Model-Based Testing for Dungeons & Dragons
What was built
It has been reported that a developer expanded a Quint model of a single D&D creature into a full combat spec, moving from a lone “character sheet” model to a system that simulates interrupt-driven battles. The original single-creature spec ran to about 6,000 lines; the new battle logic, the author says, is less than half the size of the creature code — but not less than half the complexity. The blog post, discussed on Hacker News and hosted at loskutoff.com, walks through modeling all 12 classes, 14 conditions, Legendary Resistance, opportunity attacks, and both player characters and monsters with stat blocks and character lists.
Why interrupts matter
The key insight: combat isn’t a sequence of independent events.

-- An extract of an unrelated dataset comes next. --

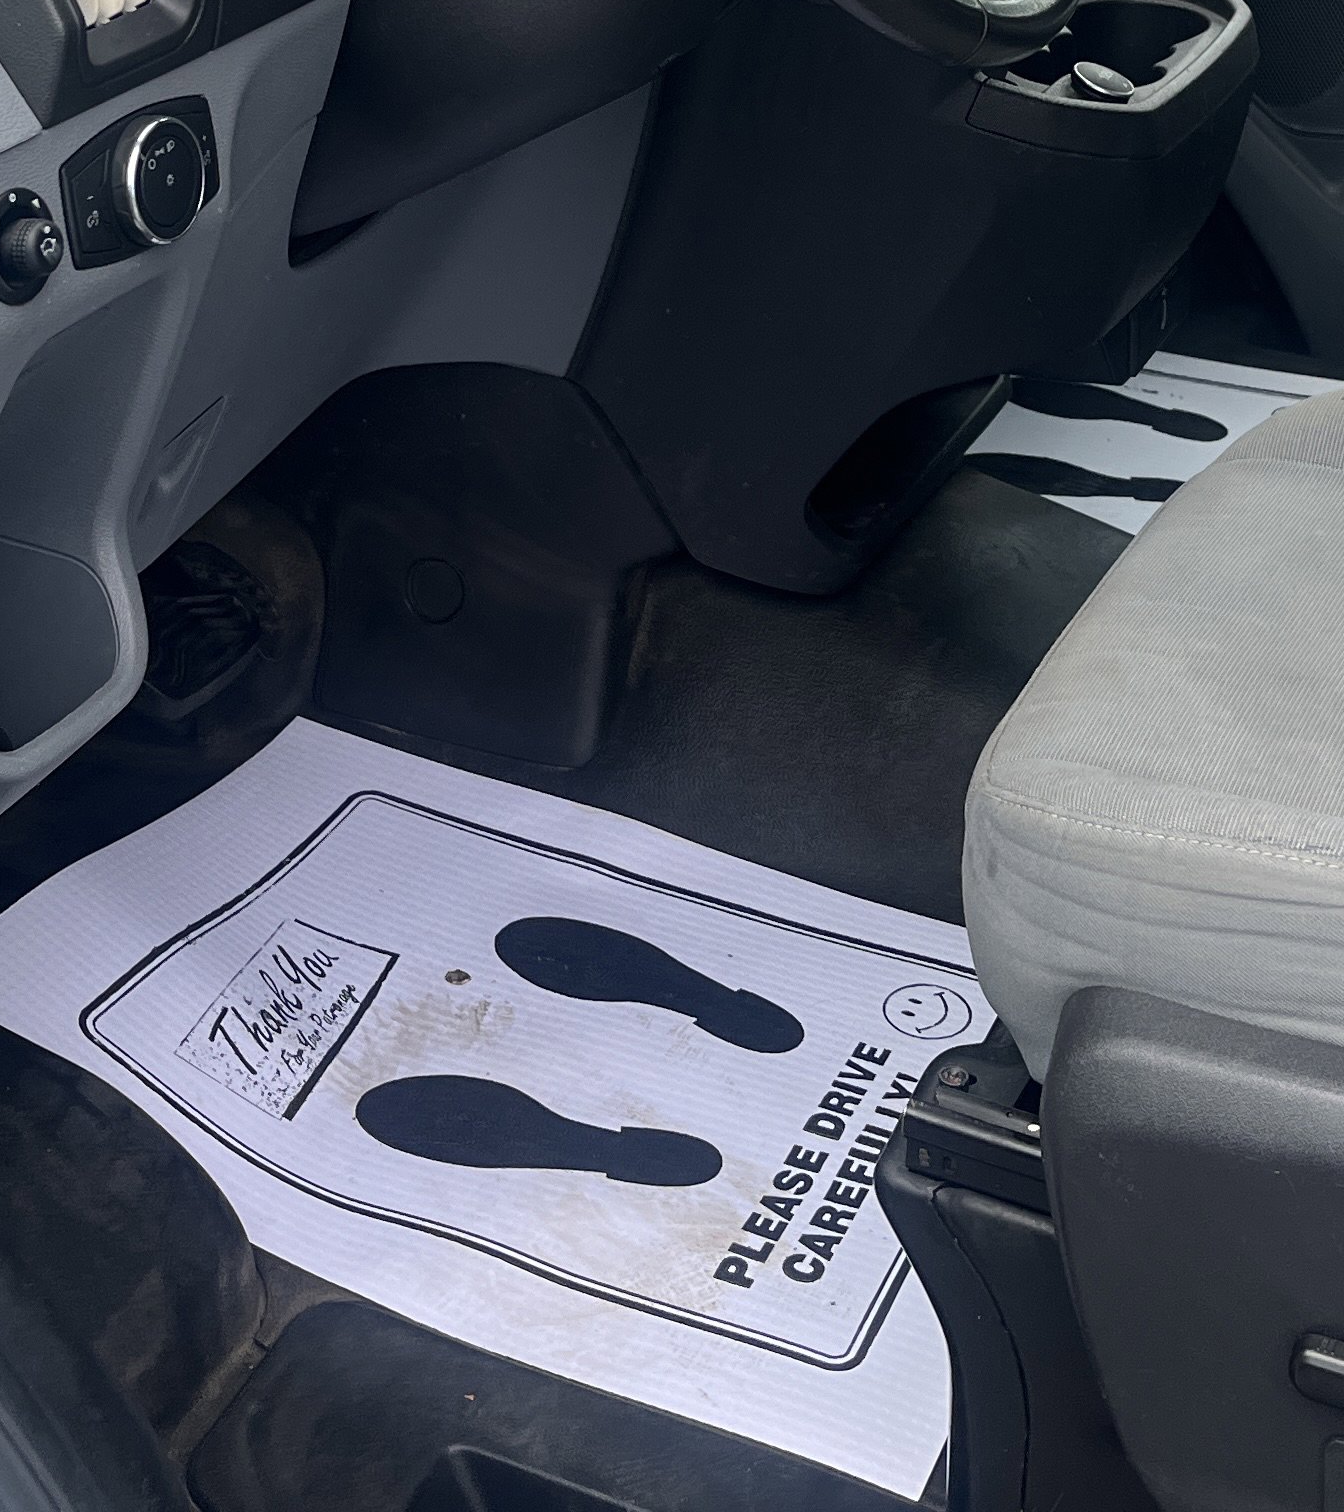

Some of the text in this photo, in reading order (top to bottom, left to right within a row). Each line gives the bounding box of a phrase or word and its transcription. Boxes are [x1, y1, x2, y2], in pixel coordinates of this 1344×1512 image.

[208, 944, 339, 1075] Thank You
[713, 1042, 892, 1289] PLEASE DRIVE

When one creature acts, the rules open multiple interrupt windows where reactions, counters, and legendary traits can flip outcomes mid-resolution. Think Counterspell chains, Shield turning a hit into a miss, Uncanny Dodge halving damage after a hit, and Legendary Resistance rescuing a failed save. The spec even models Counterspell as a literal stack — var bSpellStack: List[SpellStackEntry] — pushing spells as they’re cast and popping them as they resolve. The result is a deeply nested state space where every interaction can spawn more interactions. Sounds fun? It’s also where most projects fall over.
Demo and implications
A demo reportedly replays an arcane battle step-by-step — Fireball, Counterspell chains, AoE damage, death saves — letting you step forward, step back, or hit play and watch interrupt windows open and resolve. The author argues that tackling the hard cases first prevents building three more layers on a fragile foundation; a spec that only covers simple cases is “a Todo App project,” useful for demos but meaningless for real play. Allegedly, the framework is ready to accept new spells and feats from SRD1 and published books, making it a practical platform for further formal testing and for anyone who’s ever thought, “Is this what my DM sees under the hood?”